Israeli poet, translator and peace activist

Dahlia Ravikovitch (דליה רביקוביץ'; November 17, 1936 – August 21, 2005) was an Israeli poet, translator and recipient of the Israel Prize for Poetry in 1998.

==Biography==
Ravikovitch was born in Ramat Gan on November 17, 1936. She learned to read and write at the age of three. Her father, Levi, was a Jewish engineer originally from Russia who arrived in Mandatory Palestine from China. Her mother, Michal, was a teacher who came from a religious household. When Dahlia was six, her father was run over and killed by a drunken driver. She moved to Kibbutz Geva with her mother but did not fit into the collectivist mentality and at 13 moved to a foster home in Haifa, the first of several foster homes. It was in those formative years in Haifa that she wrote her very first poem, "Painting", which contrasted the blue of the seaside landscape to the yellow and grey of her inner world.

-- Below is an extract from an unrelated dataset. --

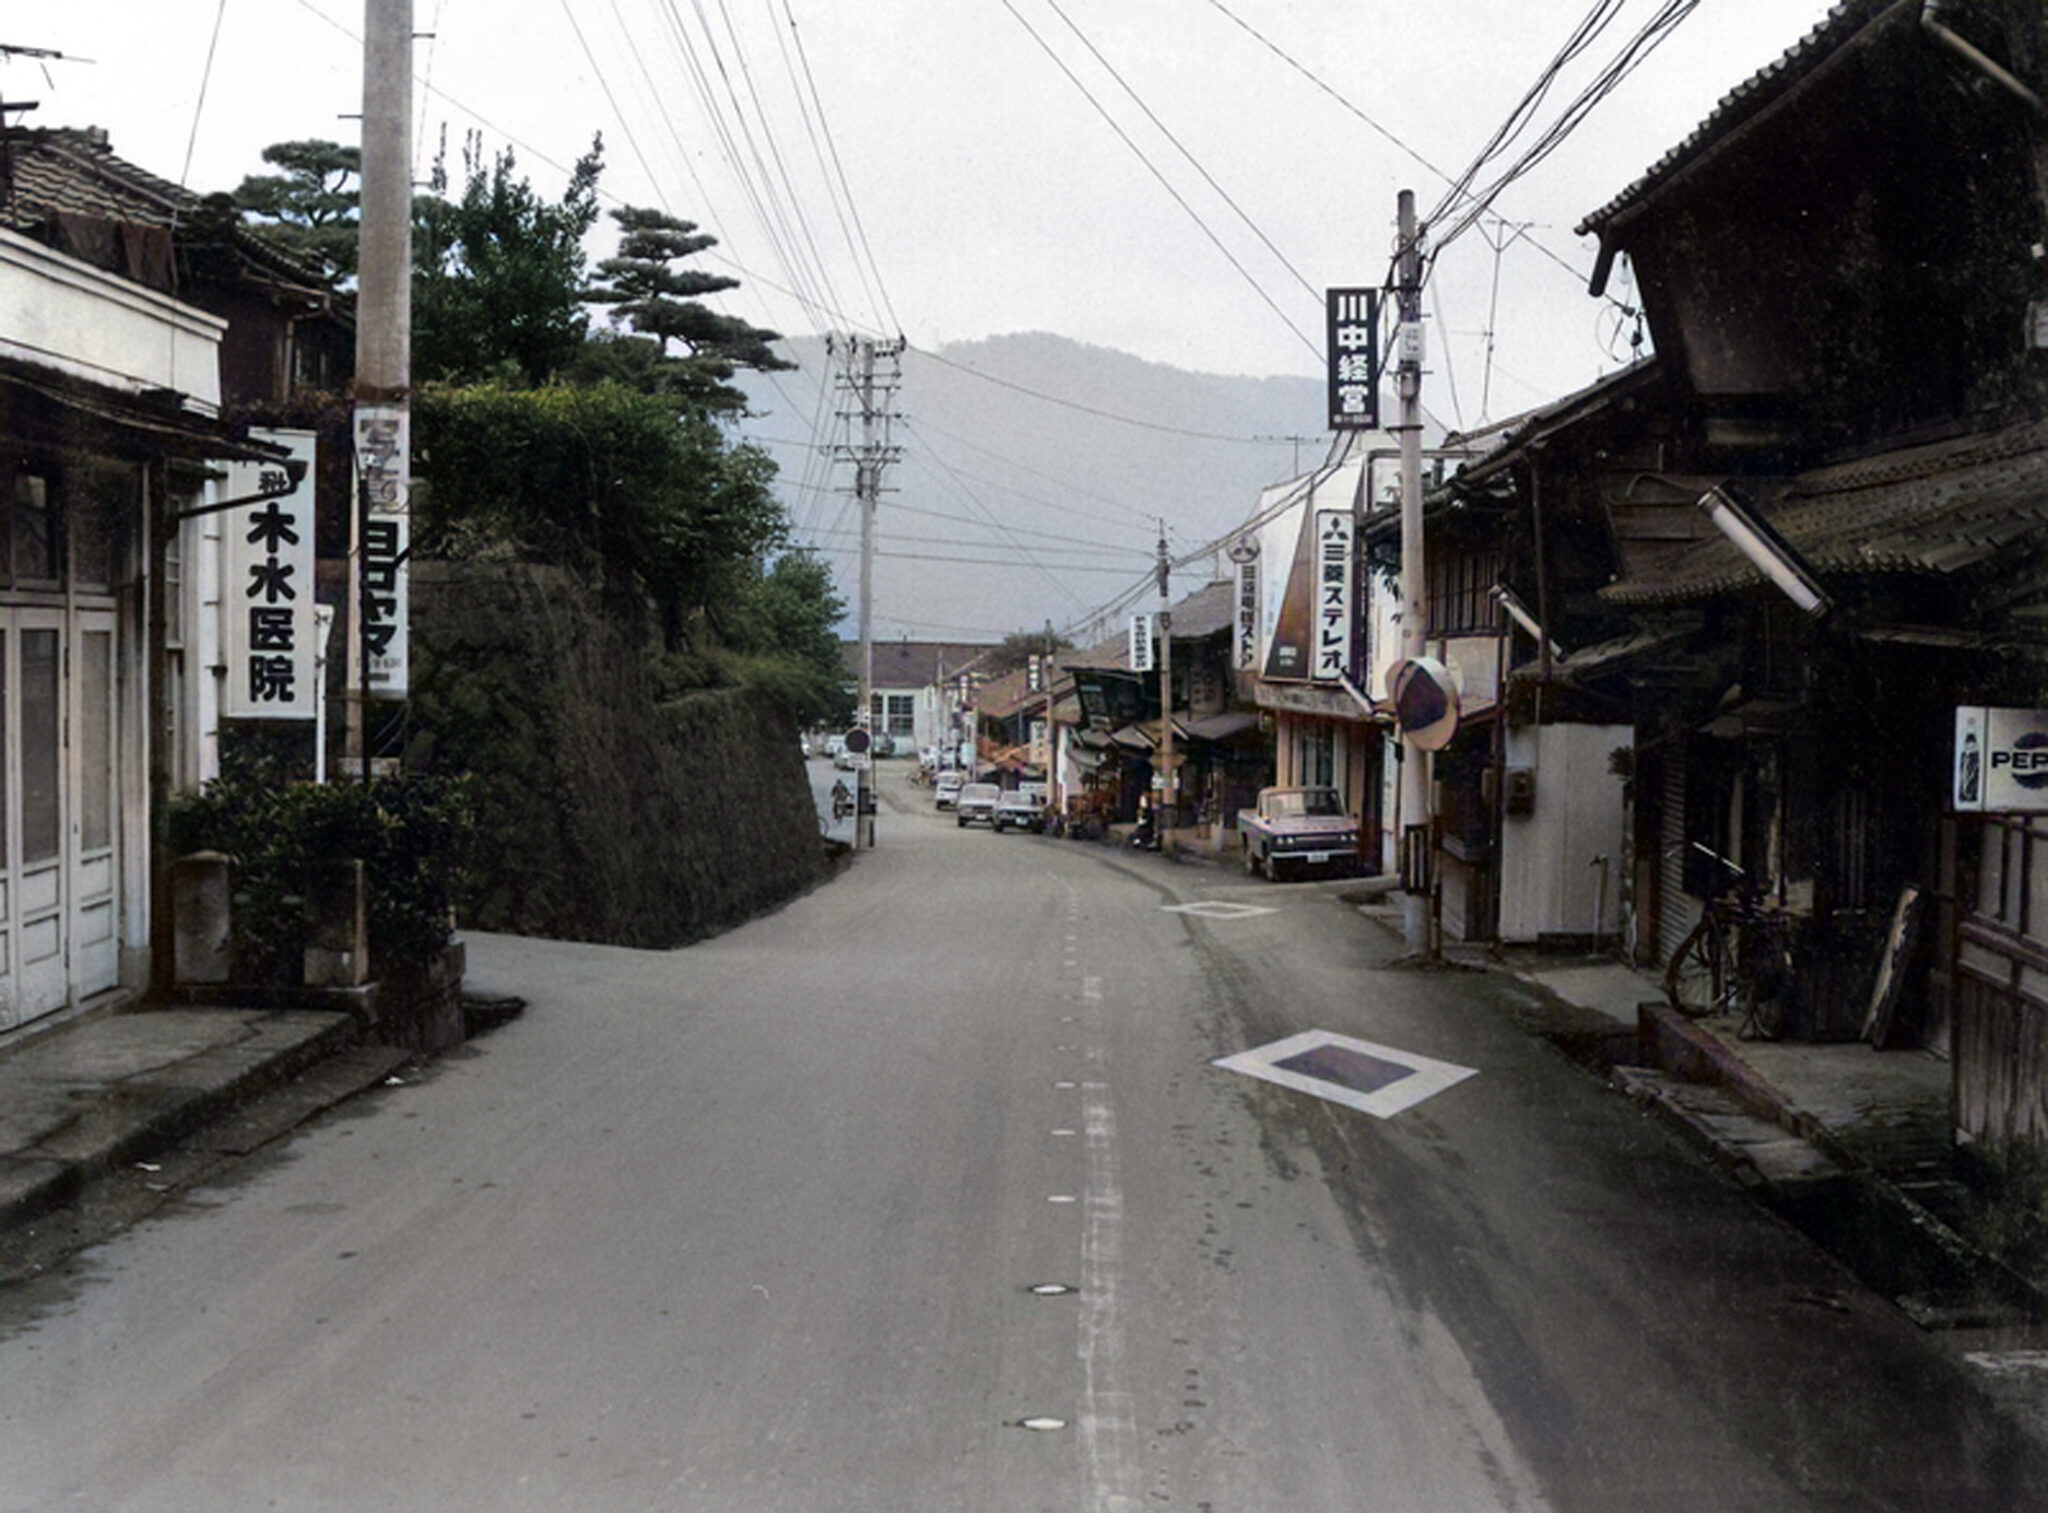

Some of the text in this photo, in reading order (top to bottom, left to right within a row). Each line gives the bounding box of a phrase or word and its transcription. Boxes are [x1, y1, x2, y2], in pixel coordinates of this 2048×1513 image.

[1337, 294, 1368, 413] 川中経営
[246, 502, 299, 702] 木水医院
[1321, 543, 1347, 670] 三菱ステレオ
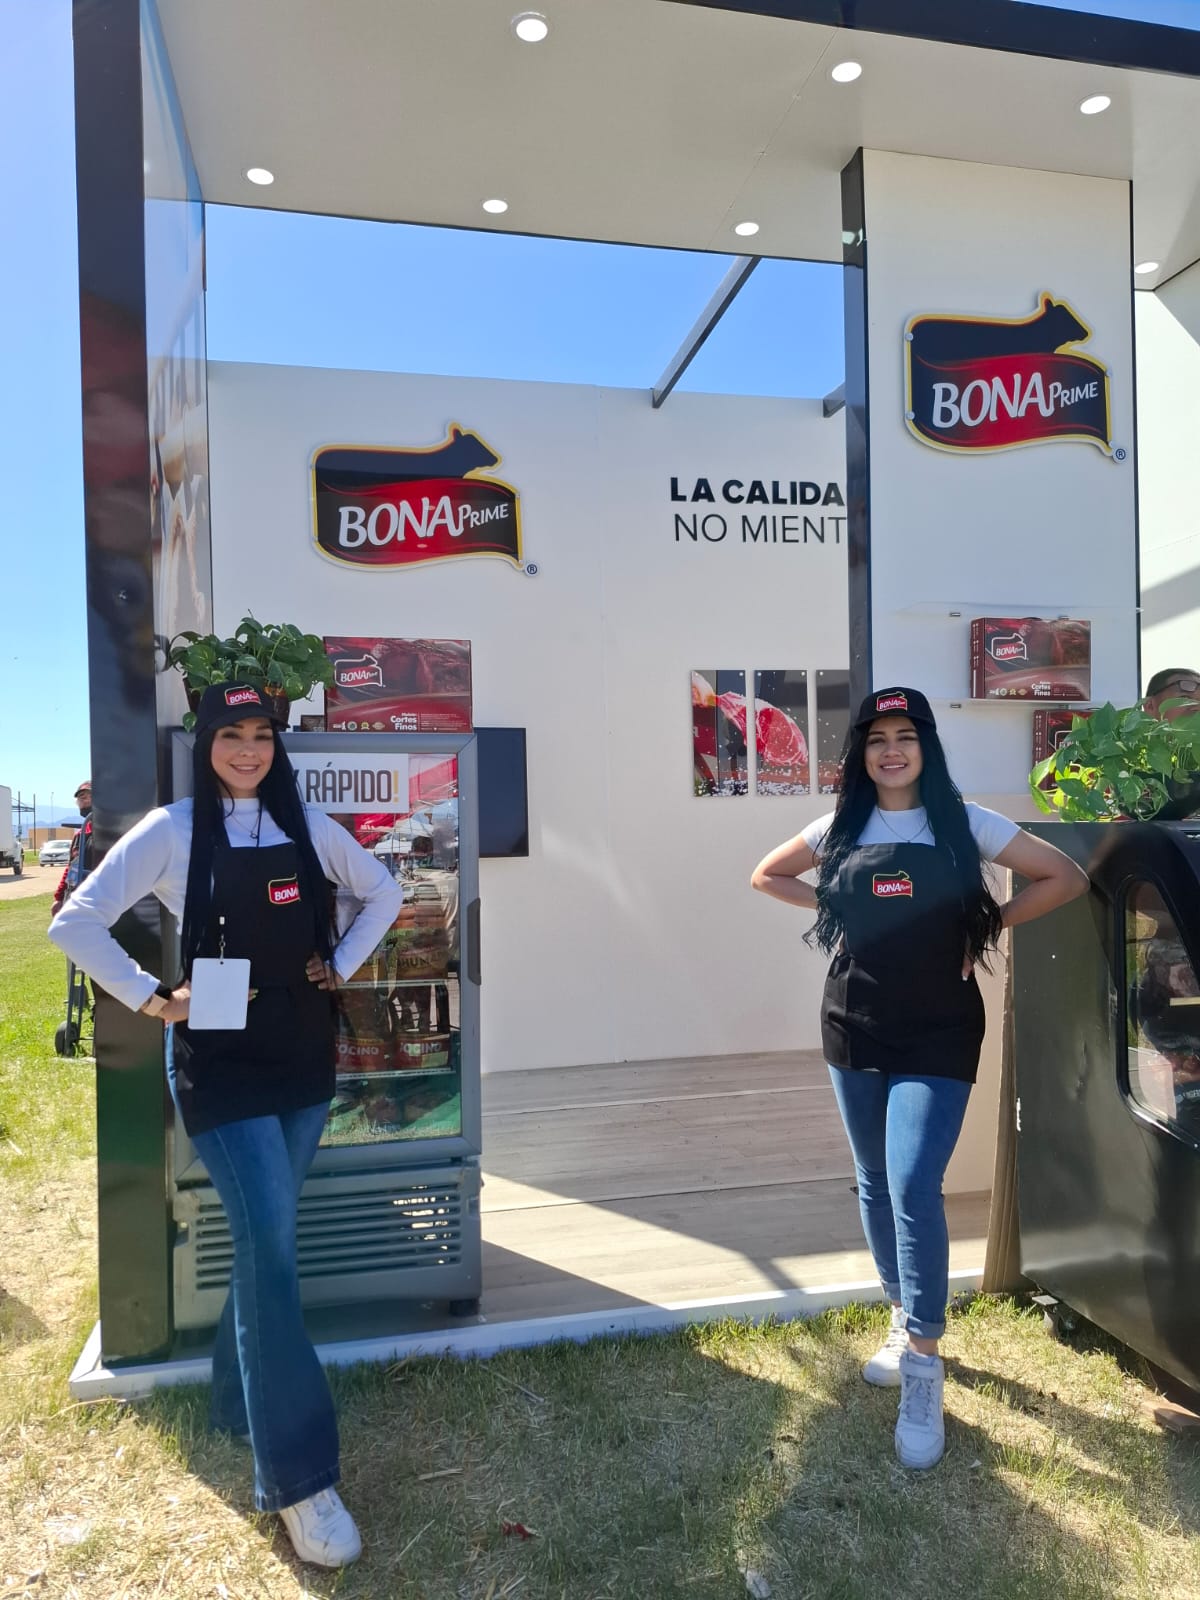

Ravikovitch married at 18, but divorced after 3 months. Her subsequent marriages also ended in divorce. She has one son, Ido Kalir. After completing her service in the Israel Defense Forces, she studied at the Hebrew University of Jerusalem. She worked as a journalist and high school teacher. She translated works of W. B. Yeats, T. S. Eliot and Edgar Allan Poe, and the book Mary Poppins into Hebrew. Ravikovitch was active in the Israeli peace movement. From her home in central Tel Aviv she collaborated with artists, musicians and public figures seeking peace, equality and social justice.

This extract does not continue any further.